Required action - Return every record in full. Match each one exactly.

Referring expression grounding data
*** Block opens ***
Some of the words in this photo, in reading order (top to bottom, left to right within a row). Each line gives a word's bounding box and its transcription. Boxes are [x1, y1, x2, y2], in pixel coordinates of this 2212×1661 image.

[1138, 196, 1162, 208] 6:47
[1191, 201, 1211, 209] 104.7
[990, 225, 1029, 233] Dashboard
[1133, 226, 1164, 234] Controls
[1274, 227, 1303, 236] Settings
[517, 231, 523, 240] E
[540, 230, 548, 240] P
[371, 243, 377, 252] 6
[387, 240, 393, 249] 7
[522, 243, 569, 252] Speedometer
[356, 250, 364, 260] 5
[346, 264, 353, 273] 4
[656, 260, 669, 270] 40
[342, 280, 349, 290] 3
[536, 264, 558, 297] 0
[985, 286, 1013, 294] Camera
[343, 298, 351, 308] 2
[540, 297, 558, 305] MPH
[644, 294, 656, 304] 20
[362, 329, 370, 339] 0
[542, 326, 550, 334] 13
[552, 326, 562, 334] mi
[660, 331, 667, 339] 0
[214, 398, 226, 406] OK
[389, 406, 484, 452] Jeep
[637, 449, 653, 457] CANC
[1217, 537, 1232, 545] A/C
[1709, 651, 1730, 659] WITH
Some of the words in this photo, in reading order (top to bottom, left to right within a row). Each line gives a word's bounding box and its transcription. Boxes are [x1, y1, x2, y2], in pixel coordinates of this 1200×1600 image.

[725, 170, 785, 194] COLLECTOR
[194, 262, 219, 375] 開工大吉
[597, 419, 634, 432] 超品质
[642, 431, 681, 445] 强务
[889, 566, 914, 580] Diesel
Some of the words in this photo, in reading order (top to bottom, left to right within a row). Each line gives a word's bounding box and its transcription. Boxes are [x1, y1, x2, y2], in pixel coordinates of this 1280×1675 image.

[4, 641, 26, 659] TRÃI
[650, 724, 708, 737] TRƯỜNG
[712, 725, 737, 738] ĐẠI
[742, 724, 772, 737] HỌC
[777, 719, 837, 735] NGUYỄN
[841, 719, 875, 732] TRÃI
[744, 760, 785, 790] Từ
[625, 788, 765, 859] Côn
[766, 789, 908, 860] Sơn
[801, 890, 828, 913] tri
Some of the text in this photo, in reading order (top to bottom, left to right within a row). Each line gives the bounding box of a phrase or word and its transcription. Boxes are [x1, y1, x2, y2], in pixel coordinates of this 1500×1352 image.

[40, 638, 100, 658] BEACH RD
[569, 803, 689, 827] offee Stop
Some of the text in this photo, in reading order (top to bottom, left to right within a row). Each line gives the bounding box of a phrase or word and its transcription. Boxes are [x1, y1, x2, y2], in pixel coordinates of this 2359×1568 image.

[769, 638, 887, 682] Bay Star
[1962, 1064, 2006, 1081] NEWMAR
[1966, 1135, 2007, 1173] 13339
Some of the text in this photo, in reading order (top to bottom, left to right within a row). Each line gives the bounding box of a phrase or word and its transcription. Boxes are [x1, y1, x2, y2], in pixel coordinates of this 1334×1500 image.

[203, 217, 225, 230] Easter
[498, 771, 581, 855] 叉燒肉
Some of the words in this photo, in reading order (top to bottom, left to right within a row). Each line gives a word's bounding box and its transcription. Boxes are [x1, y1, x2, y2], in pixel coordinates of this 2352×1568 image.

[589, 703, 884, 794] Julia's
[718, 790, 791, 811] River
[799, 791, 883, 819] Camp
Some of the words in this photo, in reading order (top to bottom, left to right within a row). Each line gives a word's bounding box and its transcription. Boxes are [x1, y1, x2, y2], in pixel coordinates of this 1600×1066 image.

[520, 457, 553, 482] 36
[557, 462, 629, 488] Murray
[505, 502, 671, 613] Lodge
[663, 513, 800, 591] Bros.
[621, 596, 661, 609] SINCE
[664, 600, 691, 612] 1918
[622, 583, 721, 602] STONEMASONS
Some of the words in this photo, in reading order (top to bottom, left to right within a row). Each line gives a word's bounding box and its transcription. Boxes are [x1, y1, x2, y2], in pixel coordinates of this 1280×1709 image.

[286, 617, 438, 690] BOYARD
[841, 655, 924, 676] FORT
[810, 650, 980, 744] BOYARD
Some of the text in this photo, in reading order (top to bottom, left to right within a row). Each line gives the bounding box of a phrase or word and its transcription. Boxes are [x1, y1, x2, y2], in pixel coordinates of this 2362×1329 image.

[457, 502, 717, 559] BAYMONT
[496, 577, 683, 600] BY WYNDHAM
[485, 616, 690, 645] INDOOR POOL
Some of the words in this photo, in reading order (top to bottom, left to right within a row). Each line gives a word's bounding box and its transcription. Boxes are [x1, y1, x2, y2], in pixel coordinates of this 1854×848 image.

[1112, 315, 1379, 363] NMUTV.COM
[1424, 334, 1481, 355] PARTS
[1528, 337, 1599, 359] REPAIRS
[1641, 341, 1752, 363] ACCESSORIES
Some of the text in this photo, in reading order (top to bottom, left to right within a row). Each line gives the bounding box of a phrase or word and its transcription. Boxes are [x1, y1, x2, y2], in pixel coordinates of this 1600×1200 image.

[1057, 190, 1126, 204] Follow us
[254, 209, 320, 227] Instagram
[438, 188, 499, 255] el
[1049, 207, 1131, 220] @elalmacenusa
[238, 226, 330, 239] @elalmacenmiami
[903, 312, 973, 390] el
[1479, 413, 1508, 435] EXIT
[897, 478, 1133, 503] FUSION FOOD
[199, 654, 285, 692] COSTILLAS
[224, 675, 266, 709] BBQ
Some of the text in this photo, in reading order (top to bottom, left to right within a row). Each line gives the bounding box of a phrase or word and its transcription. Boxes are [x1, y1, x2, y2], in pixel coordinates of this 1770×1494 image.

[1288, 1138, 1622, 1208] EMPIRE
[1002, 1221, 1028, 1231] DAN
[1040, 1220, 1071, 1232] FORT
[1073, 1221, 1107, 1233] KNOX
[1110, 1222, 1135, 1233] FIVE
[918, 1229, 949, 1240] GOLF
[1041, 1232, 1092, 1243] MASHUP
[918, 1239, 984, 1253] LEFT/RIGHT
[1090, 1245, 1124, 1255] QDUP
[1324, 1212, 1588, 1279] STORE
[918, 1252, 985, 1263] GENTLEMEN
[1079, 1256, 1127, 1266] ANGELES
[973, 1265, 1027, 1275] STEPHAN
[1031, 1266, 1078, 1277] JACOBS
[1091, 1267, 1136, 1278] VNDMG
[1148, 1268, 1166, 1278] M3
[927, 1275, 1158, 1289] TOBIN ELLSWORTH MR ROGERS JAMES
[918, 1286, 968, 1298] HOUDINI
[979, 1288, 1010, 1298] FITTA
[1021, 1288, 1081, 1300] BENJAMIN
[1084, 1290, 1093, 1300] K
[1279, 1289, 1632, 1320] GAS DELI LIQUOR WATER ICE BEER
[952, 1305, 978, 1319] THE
*** Block closes ***
Answer to the exercise -
Some of the words in this photo, in reading order (top to bottom, left to right within a row). Each line gives a word's bounding box and its transcription. Boxes are [x1, y1, x2, y2], in pixel coordinates of this 2212×1661 image.

[1138, 196, 1162, 208] 6:47
[1191, 201, 1211, 209] 104.7
[990, 225, 1029, 233] Dashboard
[1133, 226, 1164, 234] Controls
[1274, 227, 1303, 236] Settings
[517, 231, 523, 240] E
[540, 230, 548, 240] P
[371, 243, 377, 252] 6
[387, 240, 393, 249] 7
[522, 243, 569, 252] Speedometer
[356, 250, 364, 260] 5
[346, 264, 353, 273] 4
[656, 260, 669, 270] 40
[342, 280, 349, 290] 3
[536, 264, 558, 297] 0
[985, 286, 1013, 294] Camera
[343, 298, 351, 308] 2
[540, 297, 558, 305] MPH
[644, 294, 656, 304] 20
[362, 329, 370, 339] 0
[542, 326, 550, 334] 13
[552, 326, 562, 334] mi
[660, 331, 667, 339] 0
[214, 398, 226, 406] OK
[389, 406, 484, 452] Jeep
[637, 449, 653, 457] CANC
[1217, 537, 1232, 545] A/C
[1709, 651, 1730, 659] WITH
Some of the words in this photo, in reading order (top to bottom, left to right within a row). Each line gives a word's bounding box and its transcription. Boxes are [x1, y1, x2, y2], in pixel coordinates of this 1200×1600 image.

[725, 170, 785, 194] COLLECTOR
[194, 262, 219, 375] 開工大吉
[597, 419, 634, 432] 超品质
[642, 431, 681, 445] 强务
[889, 566, 914, 580] Diesel
Some of the words in this photo, in reading order (top to bottom, left to right within a row). Each line gives a word's bounding box and its transcription. Boxes are [x1, y1, x2, y2], in pixel coordinates of this 1280×1675 image.

[4, 641, 26, 659] TRÃI
[650, 724, 708, 737] TRƯỜNG
[712, 725, 737, 738] ĐẠI
[742, 724, 772, 737] HỌC
[777, 719, 837, 735] NGUYỄN
[841, 719, 875, 732] TRÃI
[744, 760, 785, 790] Từ
[625, 788, 765, 859] Côn
[766, 789, 908, 860] Sơn
[801, 890, 828, 913] tri
Some of the text in this photo, in reading order (top to bottom, left to right within a row). Each line gives the bounding box of a phrase or word and its transcription. Boxes are [x1, y1, x2, y2], in pixel coordinates of this 1500×1352 image.

[40, 638, 100, 658] BEACH RD
[569, 803, 689, 827] offee Stop
Some of the text in this photo, in reading order (top to bottom, left to right within a row). Each line gives the bounding box of a phrase or word and its transcription. Boxes are [x1, y1, x2, y2], in pixel coordinates of this 2359×1568 image.

[769, 638, 887, 682] Bay Star
[1962, 1064, 2006, 1081] NEWMAR
[1966, 1135, 2007, 1173] 13339
Some of the text in this photo, in reading order (top to bottom, left to right within a row). Each line gives the bounding box of a phrase or word and its transcription. Boxes are [x1, y1, x2, y2], in pixel coordinates of this 1334×1500 image.

[203, 217, 225, 230] Easter
[498, 771, 581, 855] 叉燒肉
Some of the words in this photo, in reading order (top to bottom, left to right within a row). Each line gives a word's bounding box and its transcription. Boxes are [x1, y1, x2, y2], in pixel coordinates of this 2352×1568 image.

[589, 703, 884, 794] Julia's
[718, 790, 791, 811] River
[799, 791, 883, 819] Camp
Some of the words in this photo, in reading order (top to bottom, left to right within a row). Each line gives a word's bounding box and its transcription. Boxes are [x1, y1, x2, y2], in pixel coordinates of this 1600×1066 image.

[520, 457, 553, 482] 36
[557, 462, 629, 488] Murray
[505, 502, 671, 613] Lodge
[663, 513, 800, 591] Bros.
[621, 596, 661, 609] SINCE
[664, 600, 691, 612] 1918
[622, 583, 721, 602] STONEMASONS
Some of the words in this photo, in reading order (top to bottom, left to right within a row). Each line gives a word's bounding box and its transcription. Boxes are [x1, y1, x2, y2], in pixel coordinates of this 1280×1709 image.

[286, 617, 438, 690] BOYARD
[841, 655, 924, 676] FORT
[810, 650, 980, 744] BOYARD
Some of the text in this photo, in reading order (top to bottom, left to right within a row). Each line gives the bounding box of a phrase or word and its transcription. Boxes are [x1, y1, x2, y2], in pixel coordinates of this 2362×1329 image.

[457, 502, 717, 559] BAYMONT
[496, 577, 683, 600] BY WYNDHAM
[485, 616, 690, 645] INDOOR POOL
Some of the words in this photo, in reading order (top to bottom, left to right within a row). Each line gives a word's bounding box and its transcription. Boxes are [x1, y1, x2, y2], in pixel coordinates of this 1854×848 image.

[1112, 315, 1379, 363] NMUTV.COM
[1424, 334, 1481, 355] PARTS
[1528, 337, 1599, 359] REPAIRS
[1641, 341, 1752, 363] ACCESSORIES
Some of the text in this photo, in reading order (top to bottom, left to right within a row). Each line gives the bounding box of a phrase or word and its transcription. Boxes are [x1, y1, x2, y2], in pixel coordinates of this 1600×1200 image.

[1057, 190, 1126, 204] Follow us
[254, 209, 320, 227] Instagram
[438, 188, 499, 255] el
[1049, 207, 1131, 220] @elalmacenusa
[238, 226, 330, 239] @elalmacenmiami
[903, 312, 973, 390] el
[1479, 413, 1508, 435] EXIT
[897, 478, 1133, 503] FUSION FOOD
[199, 654, 285, 692] COSTILLAS
[224, 675, 266, 709] BBQ
Some of the text in this photo, in reading order (top to bottom, left to right within a row). Each line gives the bounding box of a phrase or word and its transcription. Boxes are [x1, y1, x2, y2], in pixel coordinates of this 1770×1494 image.

[1288, 1138, 1622, 1208] EMPIRE
[1002, 1221, 1028, 1231] DAN
[1040, 1220, 1071, 1232] FORT
[1073, 1221, 1107, 1233] KNOX
[1110, 1222, 1135, 1233] FIVE
[918, 1229, 949, 1240] GOLF
[1041, 1232, 1092, 1243] MASHUP
[918, 1239, 984, 1253] LEFT/RIGHT
[1090, 1245, 1124, 1255] QDUP
[1324, 1212, 1588, 1279] STORE
[918, 1252, 985, 1263] GENTLEMEN
[1079, 1256, 1127, 1266] ANGELES
[973, 1265, 1027, 1275] STEPHAN
[1031, 1266, 1078, 1277] JACOBS
[1091, 1267, 1136, 1278] VNDMG
[1148, 1268, 1166, 1278] M3
[927, 1275, 1158, 1289] TOBIN ELLSWORTH MR ROGERS JAMES
[918, 1286, 968, 1298] HOUDINI
[979, 1288, 1010, 1298] FITTA
[1021, 1288, 1081, 1300] BENJAMIN
[1084, 1290, 1093, 1300] K
[1279, 1289, 1632, 1320] GAS DELI LIQUOR WATER ICE BEER
[952, 1305, 978, 1319] THE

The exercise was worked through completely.